There's another painting on the wall, that of your other family, the one you acquired over your years of adolescence and young adulthood.

Marisol, Simon, Krishna, and Dolores.

You had used a polaroid photo of of the four of them, from Marisol's college graduation day, as a reference.

Mari smiles down at you, looking far surer of herself than she has since then. Looking sure of you, too.

Certainly surer than you feel at the present time.

To say that you’re at your wits end on the morning of your first legitimate day of teaching high school students - none of this student teacher nonsense, you are a real educator now - is something of an understatement. 

You’re approaching levels of neurotic you thought only Simon could achieve.

And while you make sure your olive-green blazer is pressed for the fifth time, and that your dress hangs right, he sends you a message.

He must be clairvoyant.

TA: Nervous?  
AC: >:33 I know mew are but what am I? =^._.^=

Yes, it’s silly. But you’ve been best friends with the man for more than a decade, so you figure you’re entitled to be immature around him every now and then.

TA: II will be outside your apartment in twenty minutes.  
TA: If you’re not ready two go by then, II am leaving and you can take the train two the Bronx.  
AC: >:33 Well, that’s certainly doing a great deal to allay my hypothetical anxiety.  
TA: There’s nothing to be nervous about.  
TA: The worst thing we can do is fuck up royally and get fired.  
TA: And eventually we’ll get tenure and they won’t be able two fire us even if we do fuck up royally.  
AC: >:33 Mew were claways such an optimist.  
TA: For all you know, twoday could be a perfectly fine day.  
TA: Or purrfectly, as it were two you.  
AC: >:33 I’ll admit that I did laugh at that.  
AC: >:33 How’s Krishna?

You lived with Simon and Krishna for a year, after certain events in 2001 scared the shit out of them to the point where they didn’t want to let you out of their sight for long, especially since you went to school all the way downtown.

Not anymore, though.

You still have occasional nightmares of your ride to class that terrible day, where the N train abruptly stopped on the tracks between Rector and Cortlandt. After a while, the lights in the train flickered off, plunging you into almost total darkness. You thought you heard commotion up above.

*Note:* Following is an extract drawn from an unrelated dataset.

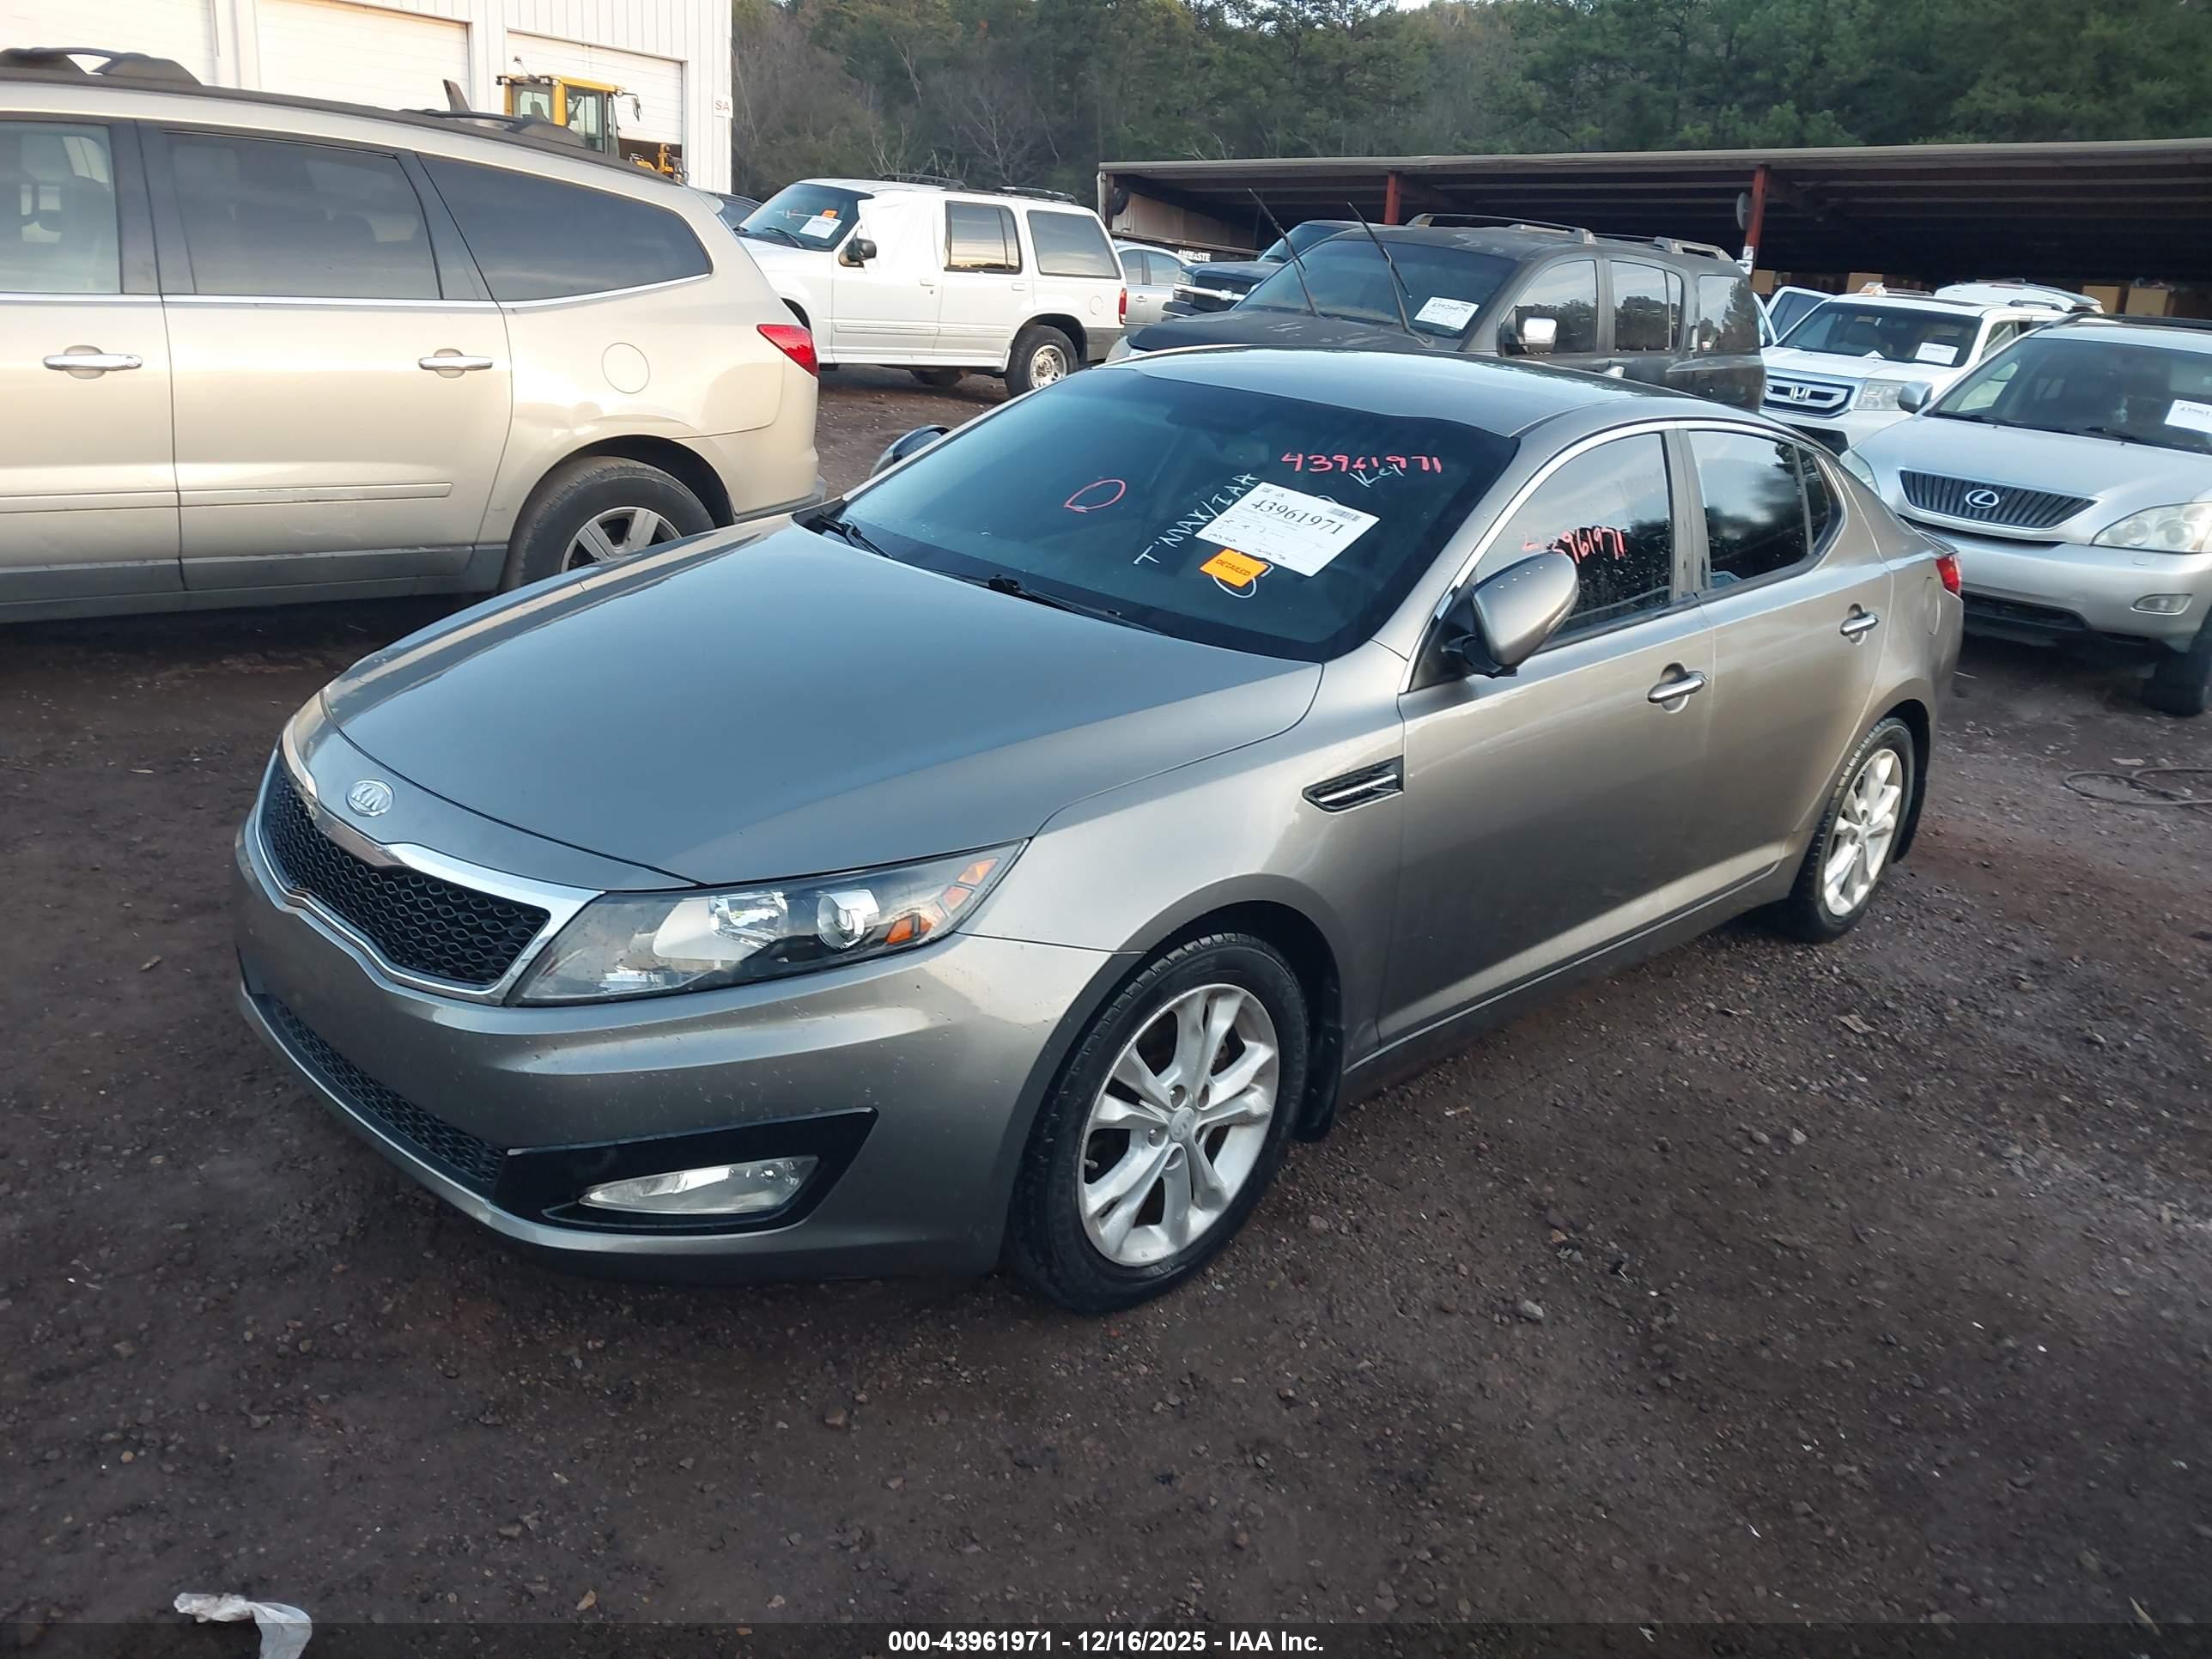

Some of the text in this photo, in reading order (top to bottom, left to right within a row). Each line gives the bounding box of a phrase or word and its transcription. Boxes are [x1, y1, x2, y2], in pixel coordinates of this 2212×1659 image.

[1281, 452, 1443, 473] 43961971
[1250, 498, 1346, 536] 43961971
[1215, 558, 1251, 577] DETAILED

Although you could have probably navigated your way to the nearest train platform, from all the years you spent tagging subway tunnels with your unique brand of graffiti - cats, cats in green - you decided to sit tight until someone with authority did something.

You didn’t need anyone else in the train to try to follow your lead, and end up getting electrocuted by the third rail.

Eventually, a few police officers with flashlights showed up to evacuate everyone through the tunnel, and into Cortlandt Street station. You followed them in the dark.

When you reached the platform, and got up the stairs to the outside, the entire Financial District was swept up in smoke. People sprinted past you, shoving and knocking you over once or twice. They knocked your little cell phone from your hands, where it smashed on the sidewalk and broke in the process. No way to contact anyone, then. Not even Ira, and you had spent the previous night at her house, babysitting her children.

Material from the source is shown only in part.